--- WHAT TO DO ---
Here the job is to transcribe the data verbatim while leaving each picture out.

--- DATA TO USE ---
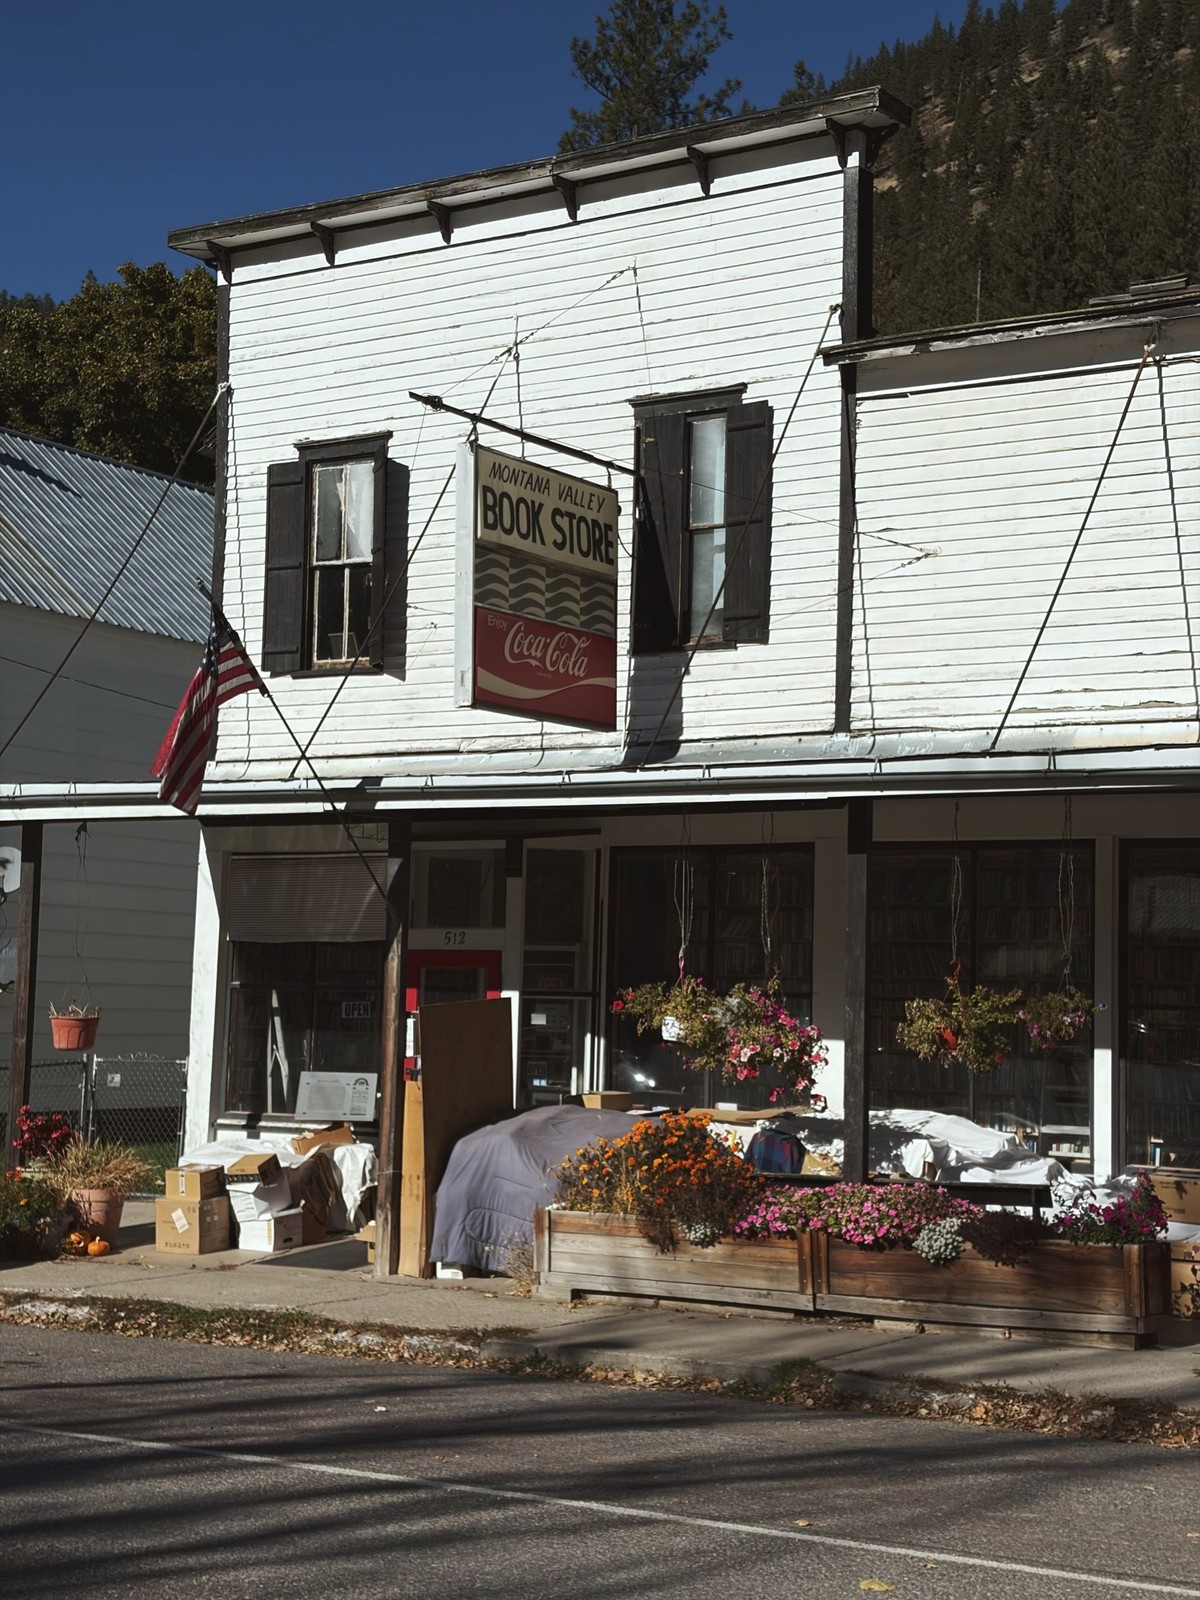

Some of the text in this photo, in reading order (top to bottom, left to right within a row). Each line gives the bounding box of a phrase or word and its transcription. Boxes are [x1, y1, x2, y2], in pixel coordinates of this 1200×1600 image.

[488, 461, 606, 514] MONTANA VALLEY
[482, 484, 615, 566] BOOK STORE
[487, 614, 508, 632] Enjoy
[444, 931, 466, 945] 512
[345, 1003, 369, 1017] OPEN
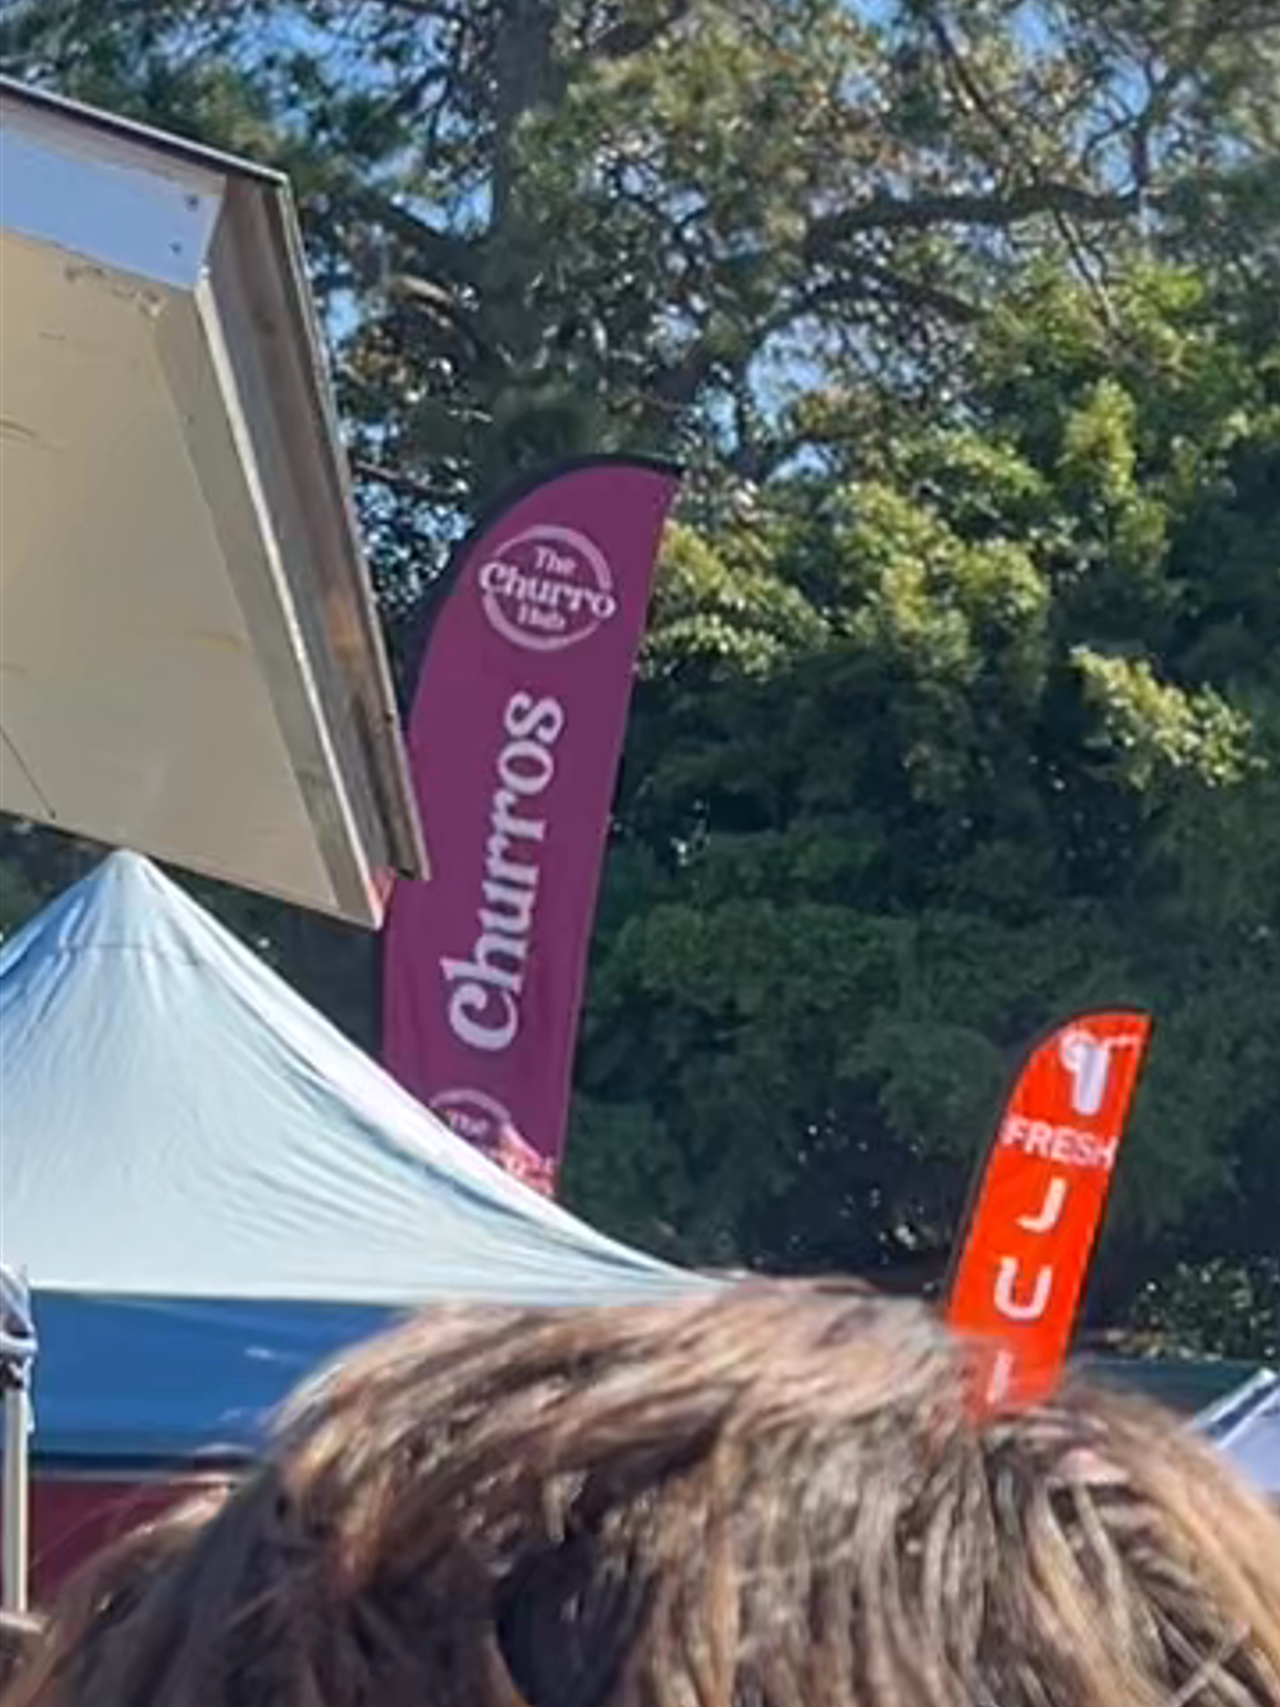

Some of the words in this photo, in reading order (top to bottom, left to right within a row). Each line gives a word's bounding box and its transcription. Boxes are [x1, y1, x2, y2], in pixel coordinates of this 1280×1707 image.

--- FINAL ANSWER ---
Some of the text in this photo, in reading order (top to bottom, left to right within a row). Each line gives the bounding box of a phrase or word and its transcription. Boxes are [x1, y1, x2, y2], in pixel coordinates of this 1200×1600 image.

[488, 461, 606, 514] MONTANA VALLEY
[482, 484, 615, 566] BOOK STORE
[487, 614, 508, 632] Enjoy
[444, 931, 466, 945] 512
[345, 1003, 369, 1017] OPEN

Some of the words in this photo, in reading order (top to bottom, left to right within a row). Each line gives a word's bounding box and its transcription. Boxes are [x1, y1, x2, y2], in pixel coordinates of this 1280×1707 image.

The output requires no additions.